# PROBLEM
Your task is to copy the listing exactly, with the pictures left out.

### INPUT RECORDS

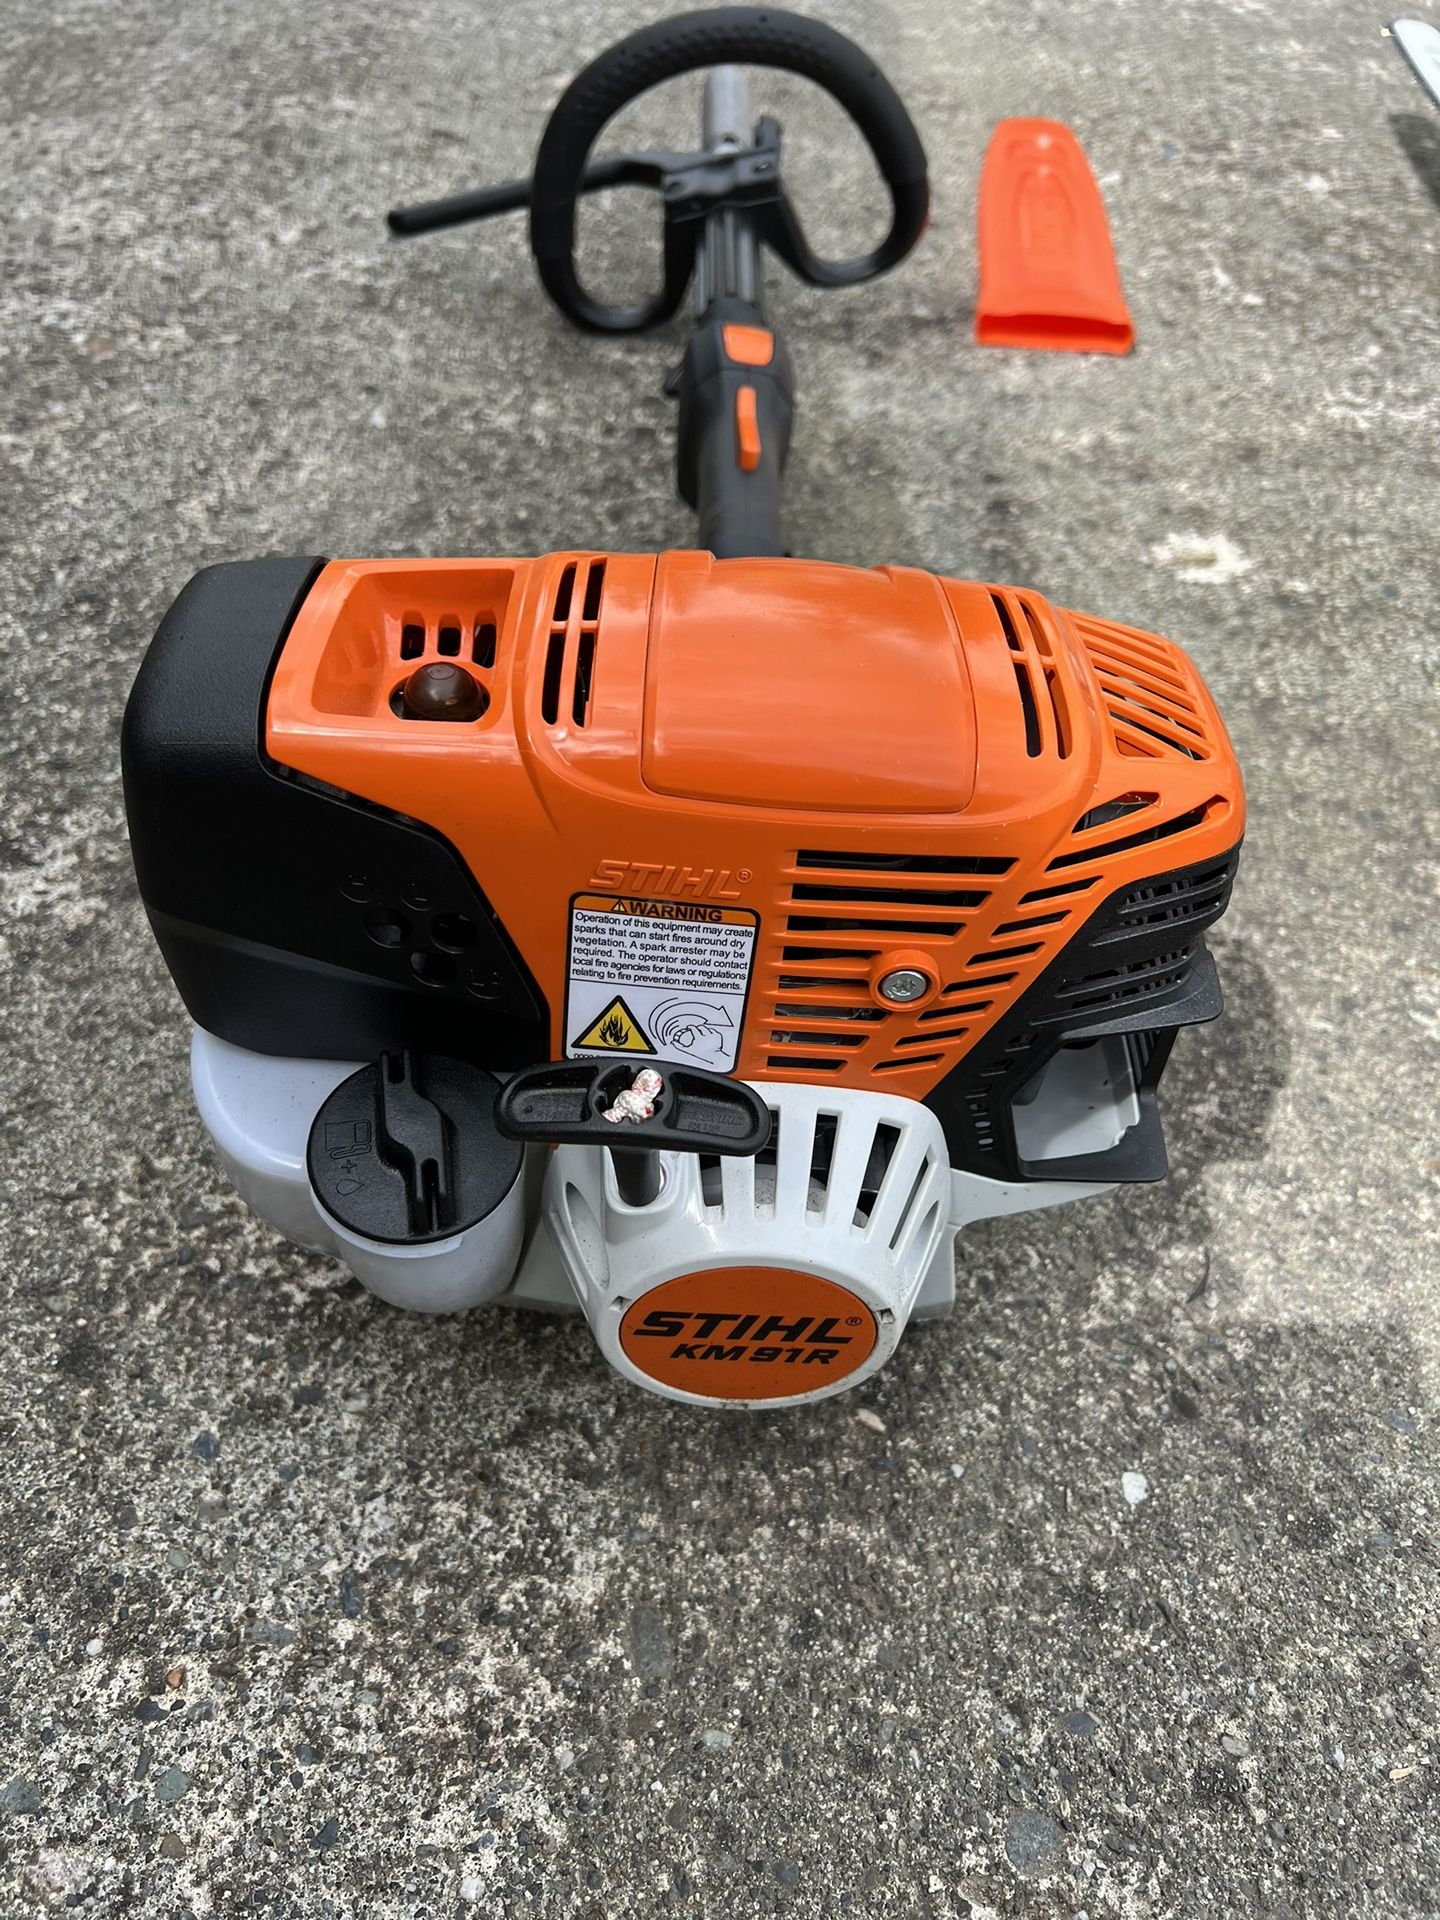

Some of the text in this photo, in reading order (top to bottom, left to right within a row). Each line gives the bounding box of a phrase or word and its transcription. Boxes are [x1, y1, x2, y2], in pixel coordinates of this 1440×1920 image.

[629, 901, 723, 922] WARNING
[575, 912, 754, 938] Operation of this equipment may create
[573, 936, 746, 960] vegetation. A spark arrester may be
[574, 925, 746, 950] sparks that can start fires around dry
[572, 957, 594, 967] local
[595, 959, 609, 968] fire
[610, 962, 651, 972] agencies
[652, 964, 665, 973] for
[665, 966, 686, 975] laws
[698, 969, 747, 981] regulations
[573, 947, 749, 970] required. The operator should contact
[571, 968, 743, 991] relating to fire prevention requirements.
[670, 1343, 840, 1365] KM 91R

######

# RESPONSE
Some of the text in this photo, in reading order (top to bottom, left to right within a row). Each line gives the bounding box of a phrase or word and its transcription. Boxes are [x1, y1, x2, y2], in pixel coordinates of this 1440×1920 image.

[629, 901, 723, 922] WARNING
[575, 912, 754, 938] Operation of this equipment may create
[573, 936, 746, 960] vegetation. A spark arrester may be
[574, 925, 746, 950] sparks that can start fires around dry
[572, 957, 594, 967] local
[595, 959, 609, 968] fire
[610, 962, 651, 972] agencies
[652, 964, 665, 973] for
[665, 966, 686, 975] laws
[698, 969, 747, 981] regulations
[573, 947, 749, 970] required. The operator should contact
[571, 968, 743, 991] relating to fire prevention requirements.
[670, 1343, 840, 1365] KM 91R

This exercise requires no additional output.